# 522 Chute Spins To Straight Forward



## shacky (Feb 1, 2015)

My 522 chute spins itself forward from left or right position. Is there an adjustment to tighten and better lock in position?

Also - is it possible to make the impeller engagement linkage too tight?


----------



## UNDERTAKER (Dec 30, 2013)

shacky said:


> My 522 chute spins itself forward from left or right position. Is there an adjustment to tighten and better lock in position?
> 
> Also - is it possible to make the impeller engagement linkage too tight?


the impeller question is yes it possible the 1st question I would need a pic to see what is going on there.


----------



## Motor City (Jan 6, 2014)

On some of the 522's their is a spring and a detent ball. The spring will fail, thus allowing the chute to spin. You'll have to dis-assemble the chute assembly and replace the spring. I was able to match up a spring at the hardware and grease up the parts, when you re-assemble it.


----------



## jampg (Nov 14, 2014)

*Check here*

http://www.snowblowerforum.com/forum/ariens-snowblowers/27745-tighting-discharge-chute-ss522.html


----------



## shacky (Feb 1, 2015)

Thanks jampg!

What screw/screws do I need to remove to get top of chute off to replace spring and rivet? #8 in chute bow up here?

Lawn Mower Parts, Small Engine Parts & Much More! | PartsTree.com - Briggs, MTD, Toro, Cub Cadet, Husqvarna, Troy-bilt...


----------



## jampg (Nov 14, 2014)

shacky said:


> Thanks jampg!
> 
> What screw/screws do I need to remove to get top of chute off to replace spring and rivet? #8 in chute bow up here?
> 
> Lawn Mower Parts, Small Engine Parts & Much More! | PartsTree.com - Briggs, MTD, Toro, Cub Cadet, Husqvarna, Troy-bilt...


Yes sir. Once you remove the chute discharge, there are 4 self tapping screws. This is a pretty easy job. Order parts 23 and 24. My original parts were missing. Installing a new rivet and spring will do the job. 

When you reinstall the chute, you need to pay attention to the amount of torque you put on the four self tapping screws. Too much and the chute will not turn. I had to back mine off a little to get it to rotate.

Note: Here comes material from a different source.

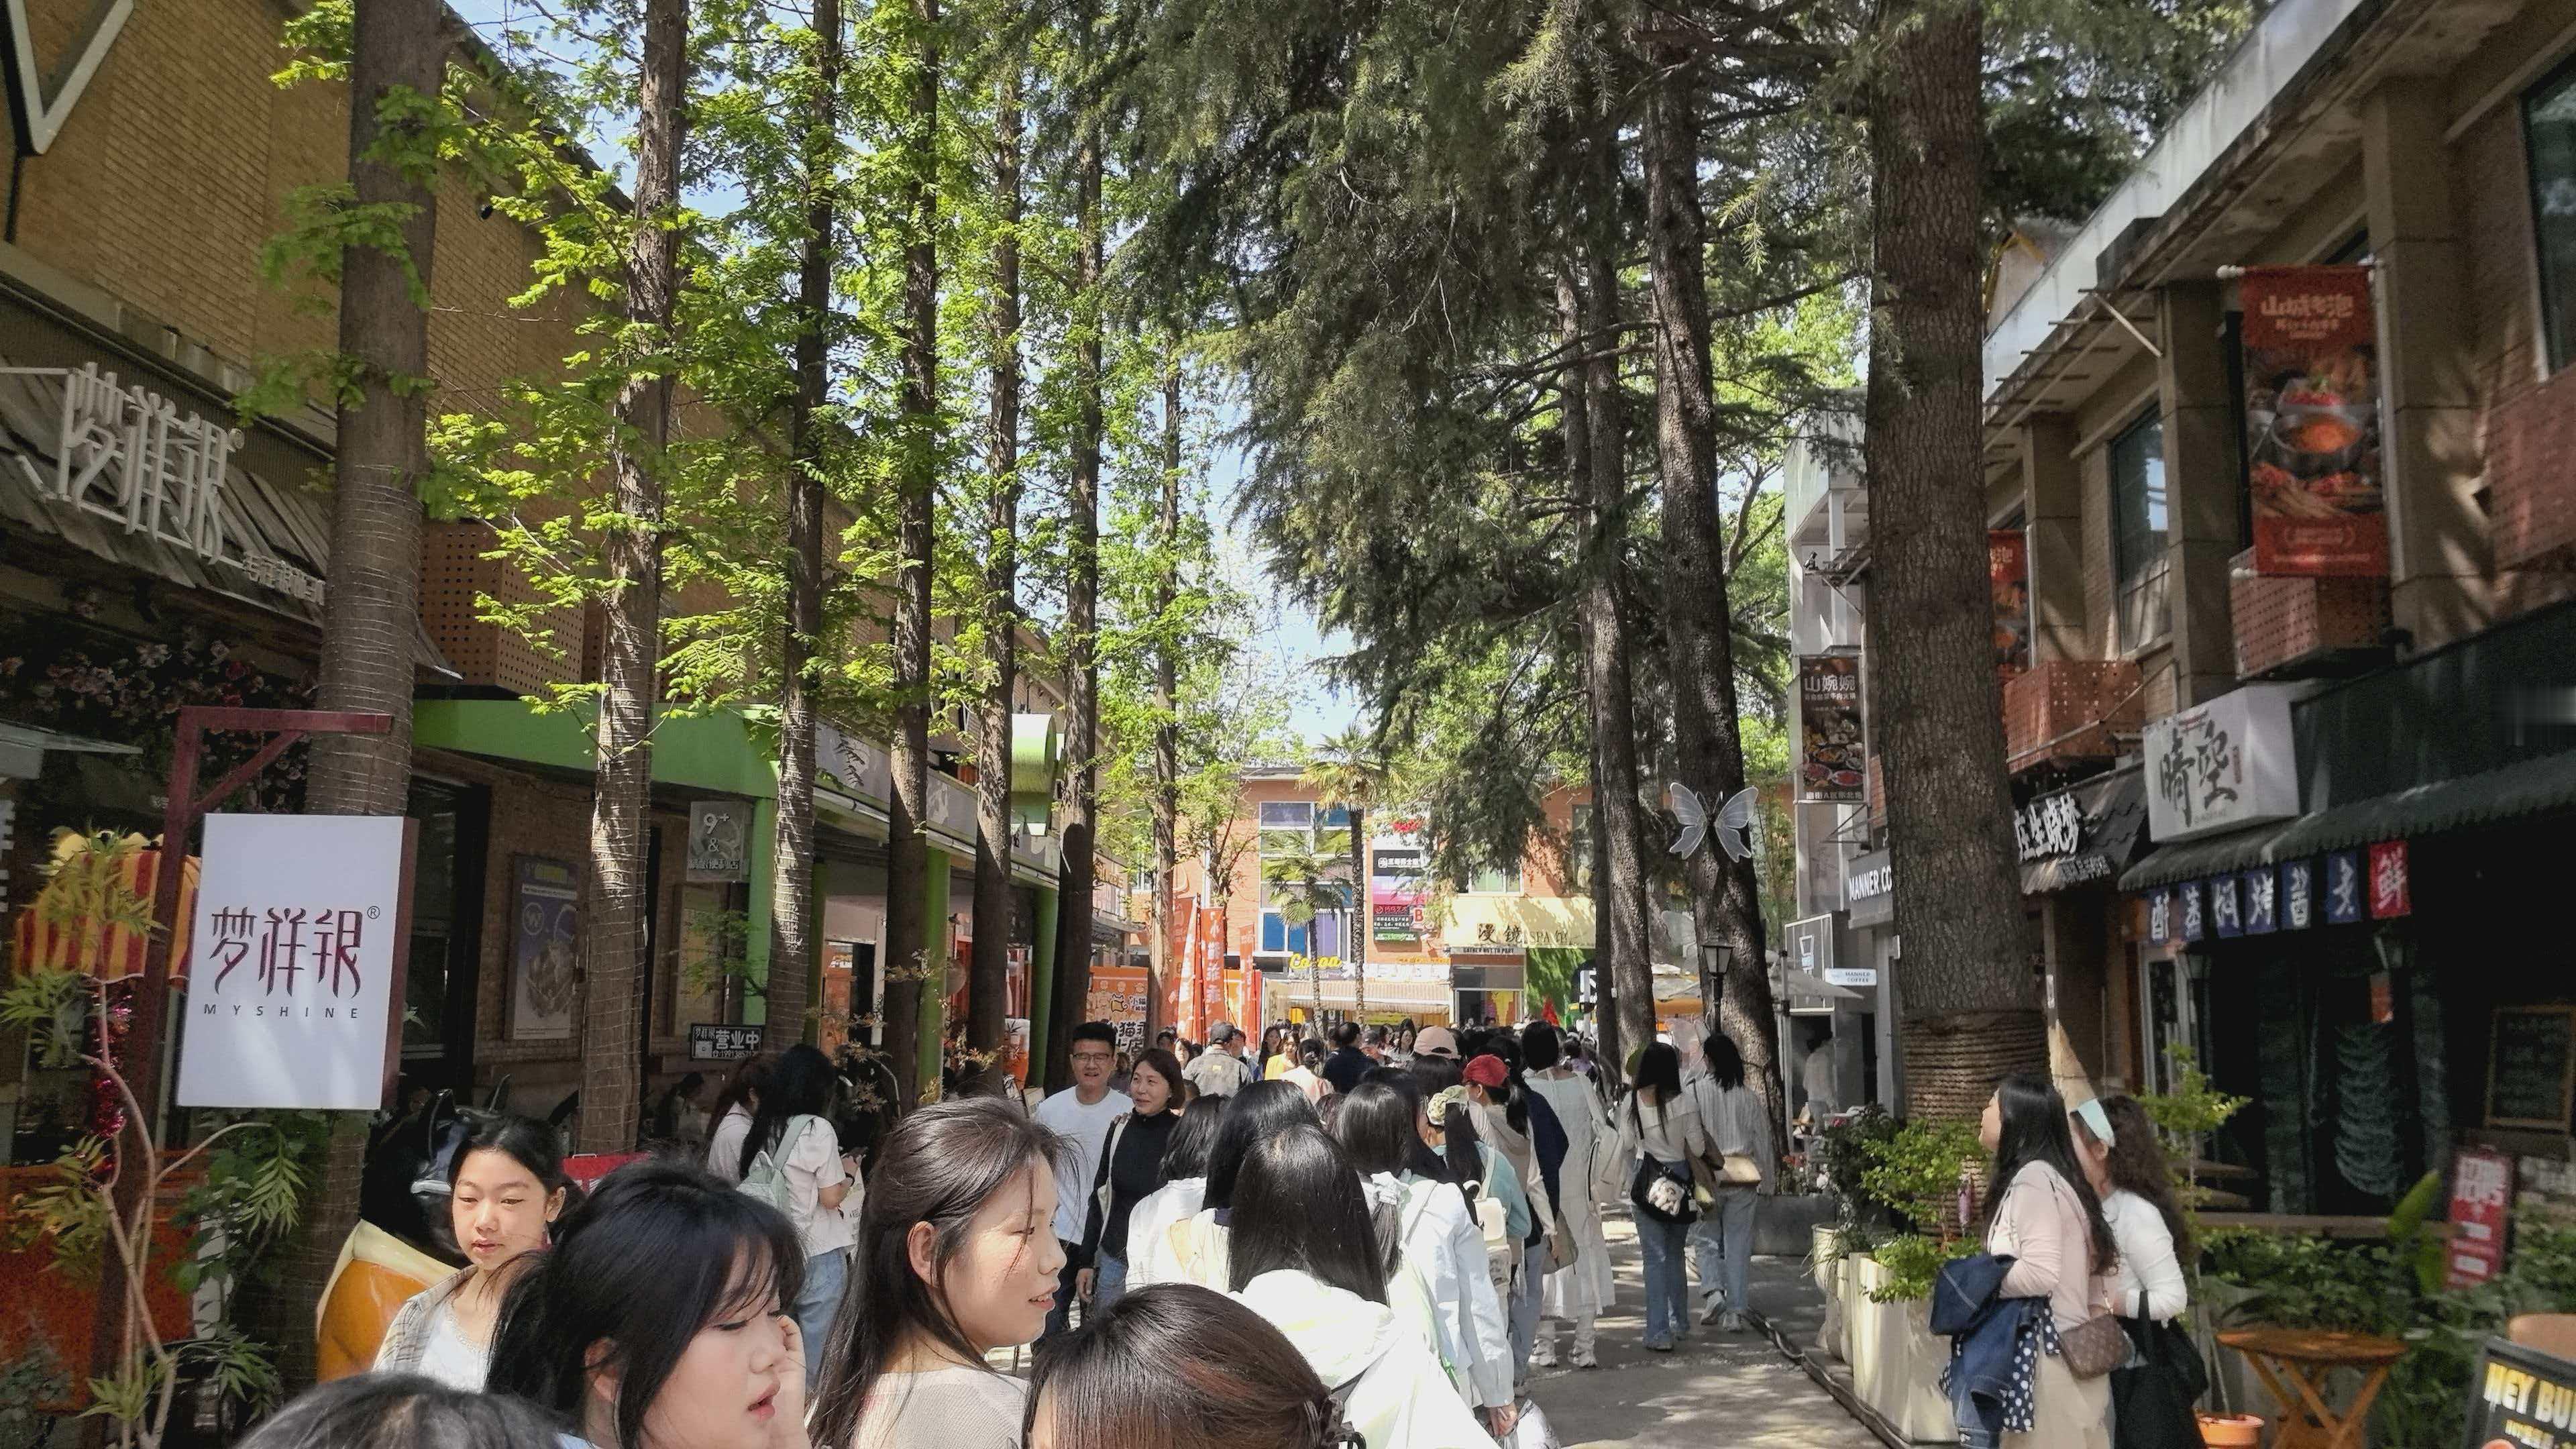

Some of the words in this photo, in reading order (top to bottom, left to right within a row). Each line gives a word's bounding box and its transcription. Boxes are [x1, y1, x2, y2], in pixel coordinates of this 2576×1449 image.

My brother and I have the same model and this November they will be 20 years old. WOW!


----------



## shacky (Feb 1, 2015)

Mine's about 14 years old. Froze a bearing a few years ago - thought the engine seized but it was a bearing on drive belt.

Other than couple of carborators it's bean great. Guess I should use ethanol free gas.


----------



## jampg (Nov 14, 2014)

This machine has been very impressive. Pretty much bullet proof other than a belt here and there which is to be expected.

I think the next one may be a Compact 24.


----------



## shacky (Feb 1, 2015)

I don't have to remove cowl do I?


----------



## jampg (Nov 14, 2014)

shacky said:


> I don't have to remove cowl do I?


No, just the discharge chute and the handle.


----------



## shacky (Feb 1, 2015)

Thanks!


----------



## shacky (Feb 1, 2015)

Pick up new spring and rivet yesterday. Took off top chute then the 4 screws holding main chute. 

Wouldn't you know it one screw was so **** locked into the plastic I broke it taking it off. If I can find my needle nose vice grips I may be able to catch enough to get it out - or 3 screws will have to work for now as it's snowing.

Original spring and rivet don't look bad but there was tons of ice/dirt in the indentations. Will let it thaw, clean and give it try with new spring/rivet. And if I get screw out look for something close at hardware store.

Should have fixed this in summer


----------



## jampg (Nov 14, 2014)

Well... Installed a new 33 inch belt and left it a little tight. Throwing snow like a Mofo again. Then.... the wheel fell off.
Had to finish with the shovel. Heavy stuff too.
Man the Compact 28 is sounding nice. Back to the parts store...... Ugh.


----------